▸ WHAT YOU SHOULD DO: The records that follow should be copied in full, exactly as they read.

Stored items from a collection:
────────────────────────────────────────
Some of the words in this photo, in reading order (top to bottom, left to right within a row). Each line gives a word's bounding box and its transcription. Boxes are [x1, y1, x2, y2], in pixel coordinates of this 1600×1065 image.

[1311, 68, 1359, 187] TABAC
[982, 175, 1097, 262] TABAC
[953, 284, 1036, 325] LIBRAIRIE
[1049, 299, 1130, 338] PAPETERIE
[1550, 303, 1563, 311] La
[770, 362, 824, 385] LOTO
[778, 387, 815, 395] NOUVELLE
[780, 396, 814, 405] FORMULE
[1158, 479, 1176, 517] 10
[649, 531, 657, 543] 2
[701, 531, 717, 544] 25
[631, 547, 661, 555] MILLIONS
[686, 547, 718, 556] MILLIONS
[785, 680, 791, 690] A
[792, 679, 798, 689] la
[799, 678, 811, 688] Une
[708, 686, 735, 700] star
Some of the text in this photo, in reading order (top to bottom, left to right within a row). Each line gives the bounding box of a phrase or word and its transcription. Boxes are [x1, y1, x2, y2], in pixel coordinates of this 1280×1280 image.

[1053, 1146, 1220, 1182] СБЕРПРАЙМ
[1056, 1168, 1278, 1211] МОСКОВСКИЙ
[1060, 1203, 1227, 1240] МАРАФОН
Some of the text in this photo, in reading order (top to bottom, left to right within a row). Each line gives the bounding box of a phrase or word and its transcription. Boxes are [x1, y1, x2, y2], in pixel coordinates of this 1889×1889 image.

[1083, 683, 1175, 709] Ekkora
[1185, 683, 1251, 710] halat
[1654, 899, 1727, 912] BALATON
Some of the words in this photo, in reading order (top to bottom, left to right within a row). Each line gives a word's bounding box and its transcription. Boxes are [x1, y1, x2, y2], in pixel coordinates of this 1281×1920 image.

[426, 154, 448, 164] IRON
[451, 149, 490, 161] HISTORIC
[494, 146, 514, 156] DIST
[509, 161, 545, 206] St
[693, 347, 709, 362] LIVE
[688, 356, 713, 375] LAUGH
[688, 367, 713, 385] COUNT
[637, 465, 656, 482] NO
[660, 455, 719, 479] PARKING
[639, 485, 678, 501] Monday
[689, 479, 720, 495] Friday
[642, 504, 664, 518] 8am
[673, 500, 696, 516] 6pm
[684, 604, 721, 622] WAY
────────────────────────────────────────
▸ EXPECTED ANSWER:
Some of the words in this photo, in reading order (top to bottom, left to right within a row). Each line gives a word's bounding box and its transcription. Boxes are [x1, y1, x2, y2], in pixel coordinates of this 1600×1065 image.

[1311, 68, 1359, 187] TABAC
[982, 175, 1097, 262] TABAC
[953, 284, 1036, 325] LIBRAIRIE
[1049, 299, 1130, 338] PAPETERIE
[1550, 303, 1563, 311] La
[770, 362, 824, 385] LOTO
[778, 387, 815, 395] NOUVELLE
[780, 396, 814, 405] FORMULE
[1158, 479, 1176, 517] 10
[649, 531, 657, 543] 2
[701, 531, 717, 544] 25
[631, 547, 661, 555] MILLIONS
[686, 547, 718, 556] MILLIONS
[785, 680, 791, 690] A
[792, 679, 798, 689] la
[799, 678, 811, 688] Une
[708, 686, 735, 700] star
Some of the text in this photo, in reading order (top to bottom, left to right within a row). Each line gives the bounding box of a phrase or word and its transcription. Boxes are [x1, y1, x2, y2], in pixel coordinates of this 1280×1280 image.

[1053, 1146, 1220, 1182] СБЕРПРАЙМ
[1056, 1168, 1278, 1211] МОСКОВСКИЙ
[1060, 1203, 1227, 1240] МАРАФОН
Some of the text in this photo, in reading order (top to bottom, left to right within a row). Each line gives the bounding box of a phrase or word and its transcription. Boxes are [x1, y1, x2, y2], in pixel coordinates of this 1889×1889 image.

[1083, 683, 1175, 709] Ekkora
[1185, 683, 1251, 710] halat
[1654, 899, 1727, 912] BALATON
Some of the words in this photo, in reading order (top to bottom, left to right within a row). Each line gives a word's bounding box and its transcription. Boxes are [x1, y1, x2, y2], in pixel coordinates of this 1281×1920 image.

[426, 154, 448, 164] IRON
[451, 149, 490, 161] HISTORIC
[494, 146, 514, 156] DIST
[509, 161, 545, 206] St
[693, 347, 709, 362] LIVE
[688, 356, 713, 375] LAUGH
[688, 367, 713, 385] COUNT
[637, 465, 656, 482] NO
[660, 455, 719, 479] PARKING
[639, 485, 678, 501] Monday
[689, 479, 720, 495] Friday
[642, 504, 664, 518] 8am
[673, 500, 696, 516] 6pm
[684, 604, 721, 622] WAY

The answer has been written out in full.